§ Instructions for the task: Output each entry below as it stands, leaving out every picture.

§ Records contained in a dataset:
______

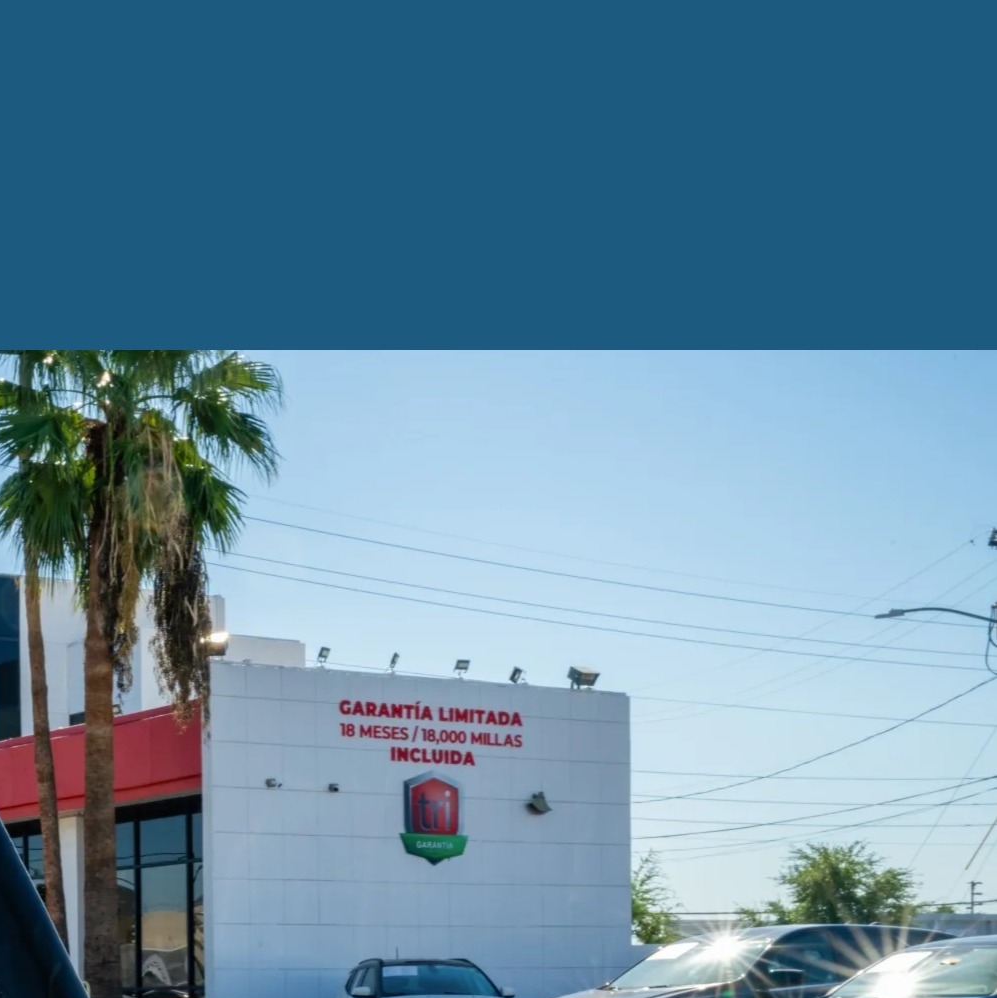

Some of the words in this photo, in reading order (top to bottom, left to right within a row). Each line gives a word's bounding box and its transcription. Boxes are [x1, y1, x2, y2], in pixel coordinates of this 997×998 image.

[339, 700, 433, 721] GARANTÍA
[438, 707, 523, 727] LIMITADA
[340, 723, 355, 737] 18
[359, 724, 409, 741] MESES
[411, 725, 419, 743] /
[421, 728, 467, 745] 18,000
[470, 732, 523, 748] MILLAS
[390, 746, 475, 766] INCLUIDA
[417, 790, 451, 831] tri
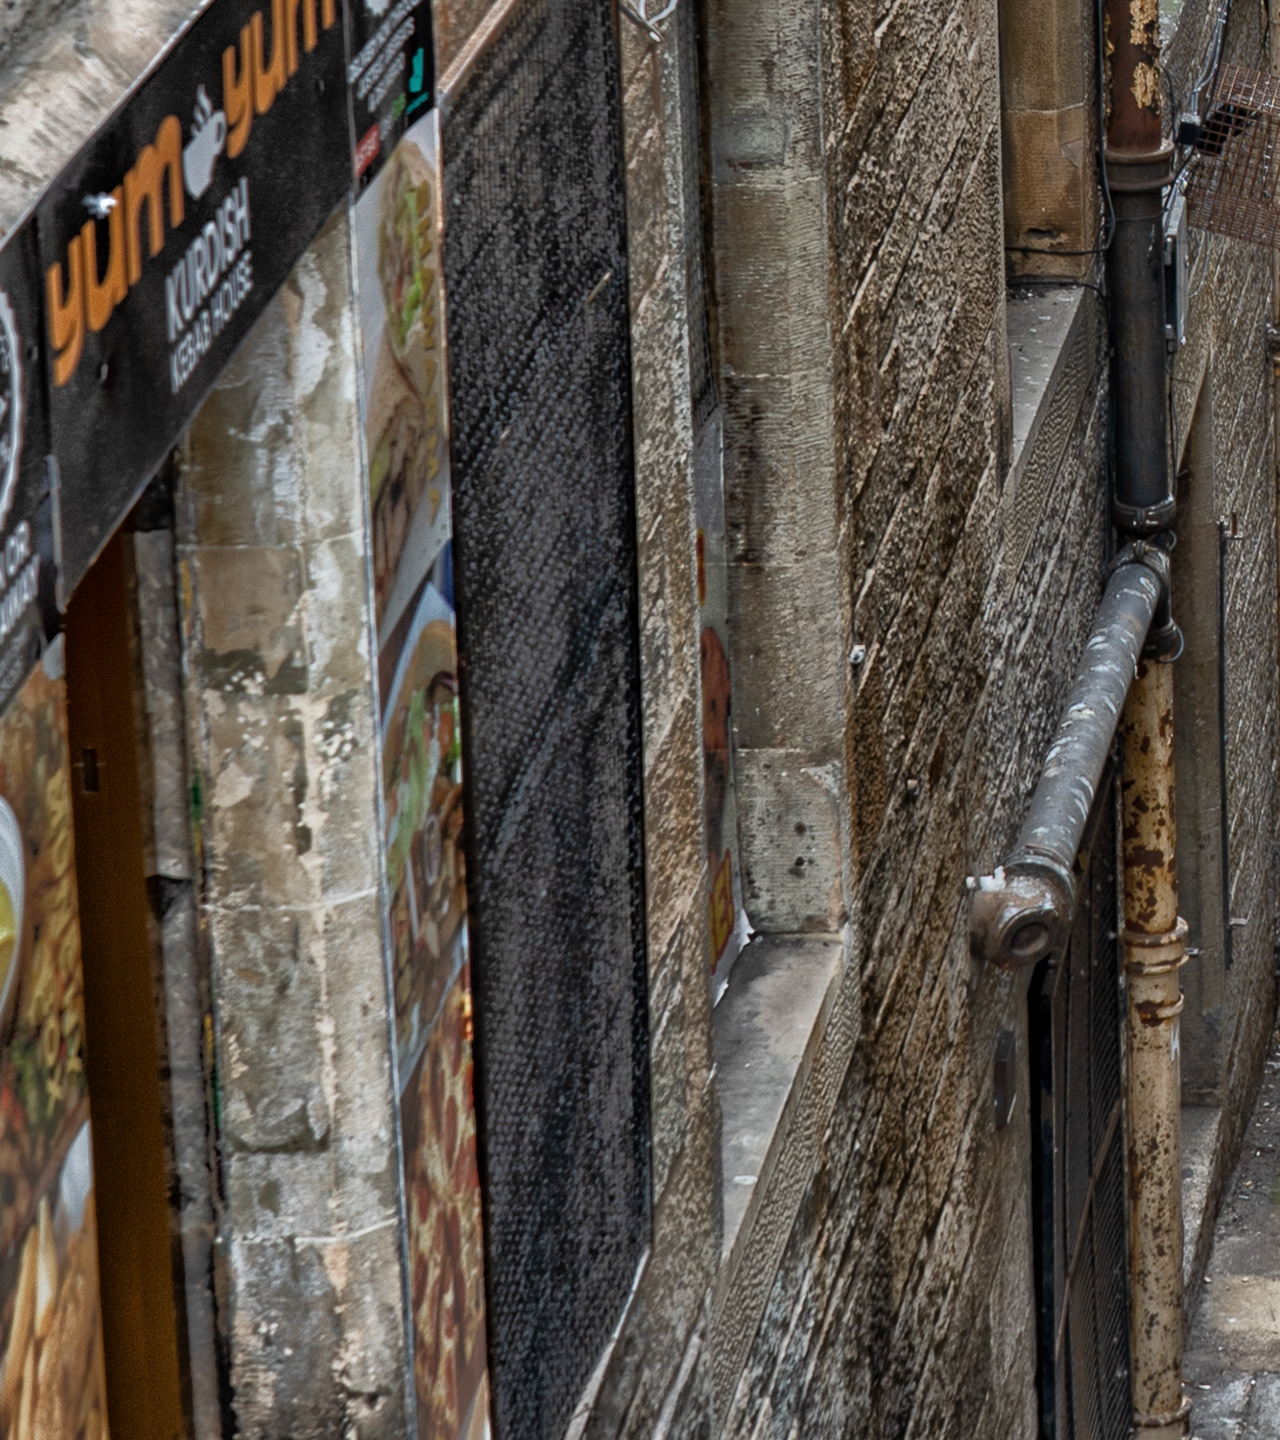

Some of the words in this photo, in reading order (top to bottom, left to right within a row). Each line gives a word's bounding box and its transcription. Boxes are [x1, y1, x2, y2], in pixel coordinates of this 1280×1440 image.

______

§ Solution to the problem:
Some of the words in this photo, in reading order (top to bottom, left to right within a row). Each line gives a word's bounding box and its transcription. Boxes are [x1, y1, x2, y2], in pixel coordinates of this 997×998 image.

[339, 700, 433, 721] GARANTÍA
[438, 707, 523, 727] LIMITADA
[340, 723, 355, 737] 18
[359, 724, 409, 741] MESES
[411, 725, 419, 743] /
[421, 728, 467, 745] 18,000
[470, 732, 523, 748] MILLAS
[390, 746, 475, 766] INCLUIDA
[417, 790, 451, 831] tri

Some of the words in this photo, in reading order (top to bottom, left to right within a row). Each line gives a word's bounding box and its transcription. Boxes are [x1, y1, x2, y2], in pixel coordinates of this 1280×1440 image.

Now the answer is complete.